La loro storia di eroi per caso inizia all’alba del 28 febbraio 1951, quando la motobarca “Franco”, della marina di Arenella, con a bordo cinque uomini salpava per il normale lavoro di ogni giorno. Il tempo era incerto ma i cinque marinai pur di portare il pane a casa si mettono lo stesso in mare. Quando la motobarca arriva al largo viene colta da una forte mareggiata. All’inizio i cinque cercano in tutti i modi di tornare a riva ma quando si guasta uno dei motori dell’imbarcazione, tutto diventa difficile. Per loro il ritorno a casa diventa un miraggio. Più che rientrare con la loro barca vengono spinti verso il largo. I cinque perdono ogni speranza e con loro anche i propri cari che a sera non li vedono tornare a casa. Persino le autorità marittime di Palermo si arrendono dopo averli cercato invano con un rimorchiatore. Trascorrono trentasei ore. Tutto sembra finito. A bordo con i cinque pescatori anche un bambino.

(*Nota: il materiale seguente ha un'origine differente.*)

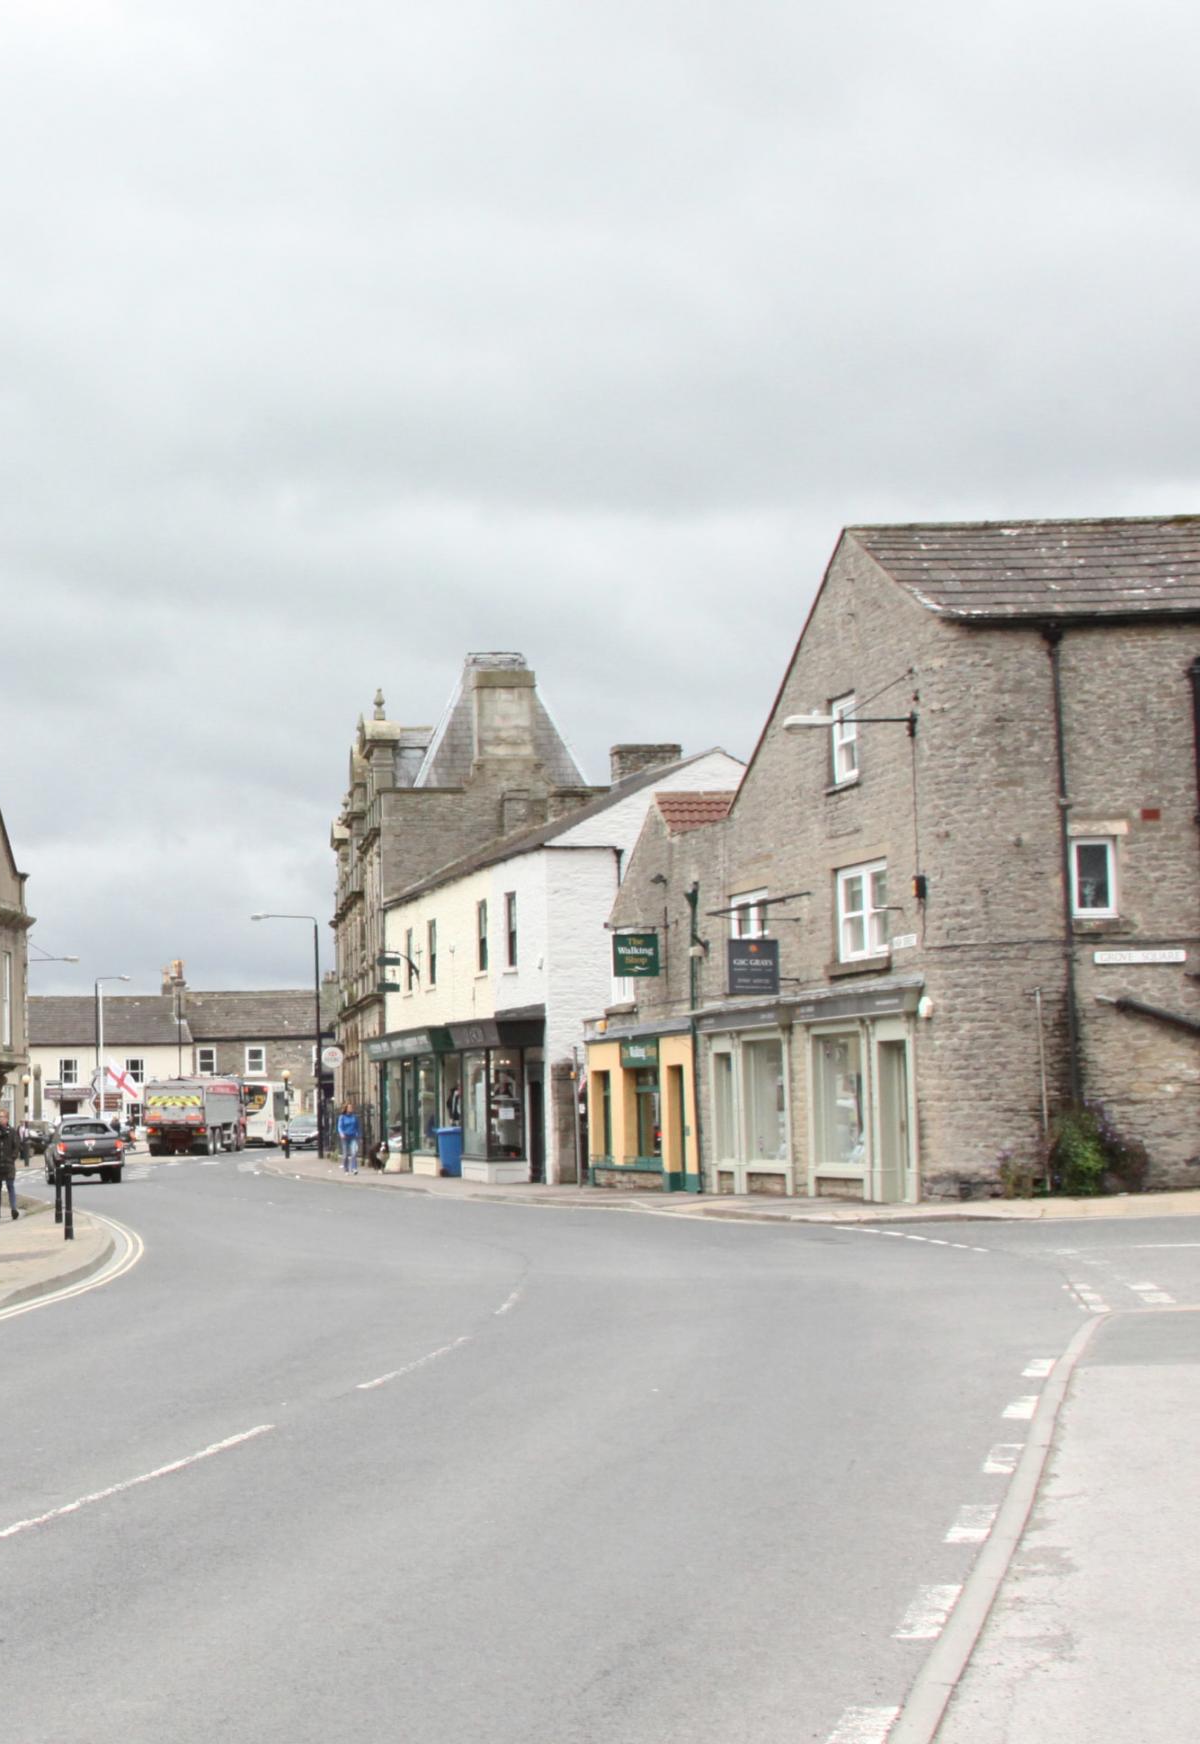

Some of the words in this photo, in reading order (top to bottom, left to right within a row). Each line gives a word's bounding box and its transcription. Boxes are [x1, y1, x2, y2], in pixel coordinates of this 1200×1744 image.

[617, 946, 654, 956] Walking
[1101, 952, 1137, 961] GROVE
[1142, 951, 1180, 960] SQUARE
[624, 956, 648, 965] Shop

Ogni speranza è perduta fino a quando all’orizzonte del mare cefaludese, quell’orizzonte che si scorge da piazza Marina, sette pescatori avvistano l’imbarcazione che in alto mare andava alla deriva. Senza paure, nonostante le proibitive condizioni del mare, decidono di raggiungerla al largo. Lottano con le onde e con il temporale per lunghe sei ore.

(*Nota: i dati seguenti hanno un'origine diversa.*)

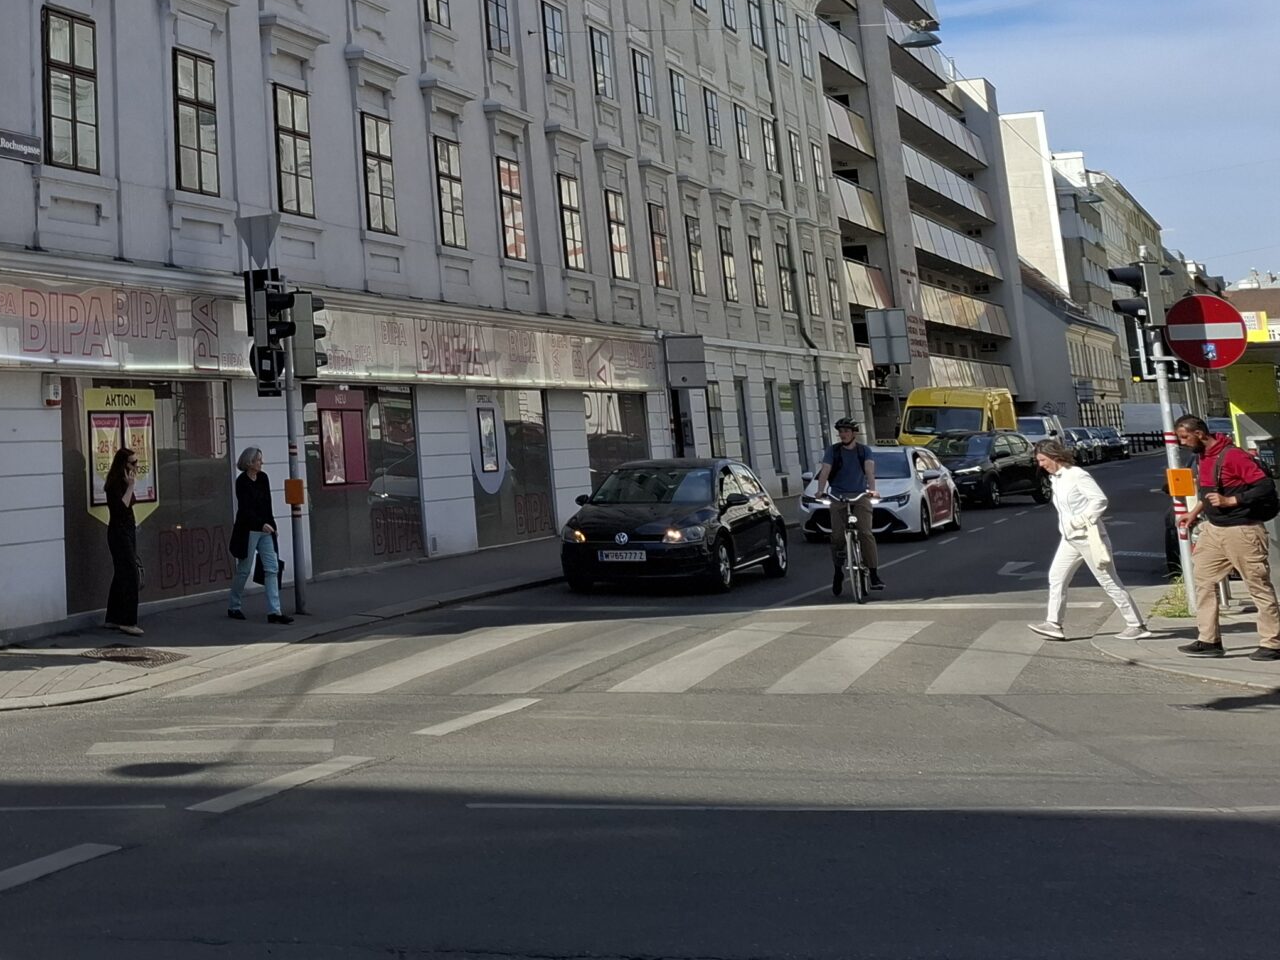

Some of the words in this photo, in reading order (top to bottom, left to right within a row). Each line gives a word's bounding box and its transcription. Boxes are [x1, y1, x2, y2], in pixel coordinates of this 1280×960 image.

Quando si avvicinano si accorgono che all’interno vi erano alcune persone sfinite. Pescatori che avevano perso ogni speranza in attesa di essere presi dalla morte. I sette cefaludesi sfidano la furia del mare e delle onde e mettono in salvo i cinque naufraghi. Il tempo di metterli sulla loro barca che la motobarca viene inghiottita fra le onde. Il ritorno a Cefalù è una festa. I sette cefaludesi, senza saperlo, diventano degli eroi. Ricevono il grazie dei cinque naufraghi e delle loro famiglie. Per loro, l’indomani, il 2 marzo anche l’encomio dell’allora sindaco Giuseppe Giardina e della giunta comunale. Sono le 19 quando il primo cittadino e gli assessori Vincenzo Maggio, Nicolò Mogavero e Emanuele Citrano dichiarano pubblicamente: «La prova di grande coraggio dell’alto spirito di abnegazione e di umana solidarietà data dai sette pescatori di Cefalù e vissuta per oltre sei ore sotto la bufera del vento e di pioggia da centinaia di altri è degna del più alto encomio e della massima ammirazione».